> _Work instruction_
Copy without pictures. Please restate each line of the listing exactly.
^^^^^^^^^^^^^^^^
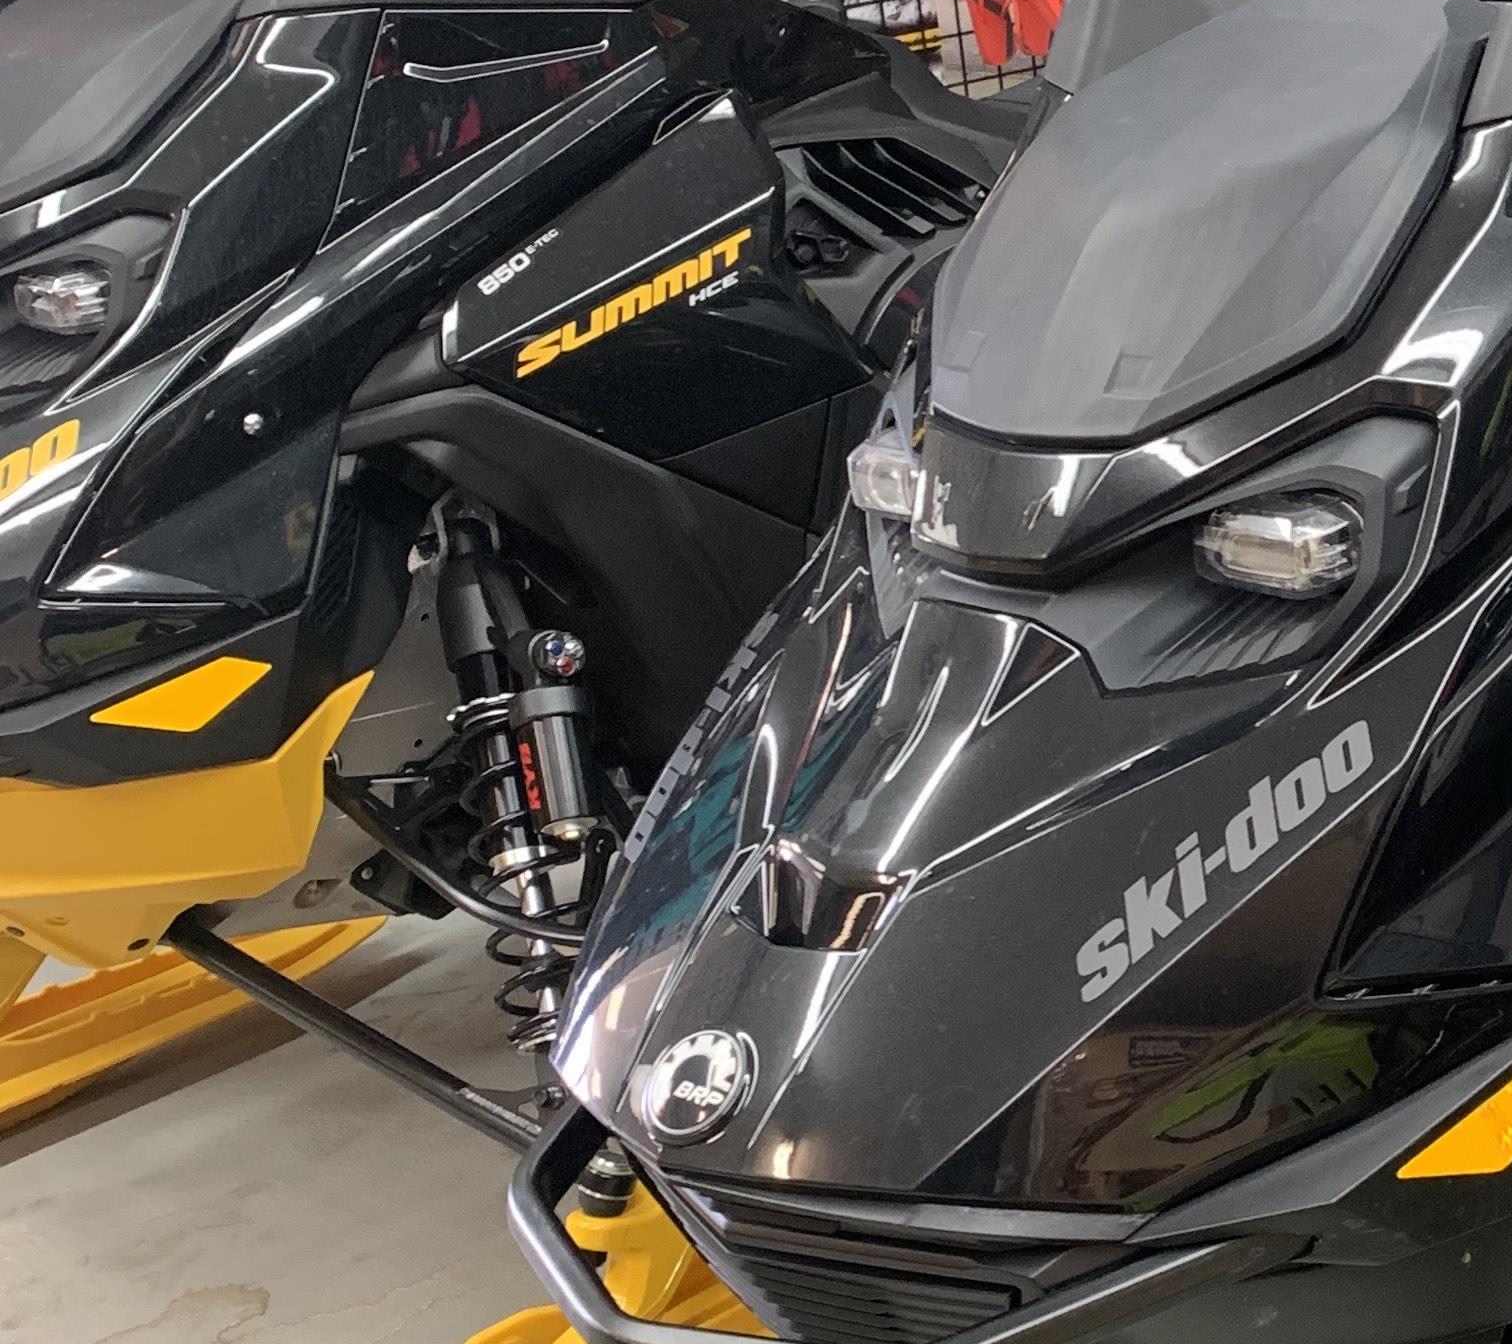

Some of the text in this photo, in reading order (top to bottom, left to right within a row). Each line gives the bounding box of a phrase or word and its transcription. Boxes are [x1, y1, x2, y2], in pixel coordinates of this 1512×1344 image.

[477, 228, 560, 296] 850 E-TEC
[688, 270, 740, 307] HCE
[516, 227, 752, 379] SUMMIT
[1075, 719, 1375, 1003] ski-doo
[673, 1080, 726, 1106] BRP
^^^^^^^^^^^^^^^^
> _Written solution_
Some of the text in this photo, in reading order (top to bottom, left to right within a row). Each line gives the bounding box of a phrase or word and its transcription. Boxes are [x1, y1, x2, y2], in pixel coordinates of this 1512×1344 image.

[477, 228, 560, 296] 850 E-TEC
[688, 270, 740, 307] HCE
[516, 227, 752, 379] SUMMIT
[1075, 719, 1375, 1003] ski-doo
[673, 1080, 726, 1106] BRP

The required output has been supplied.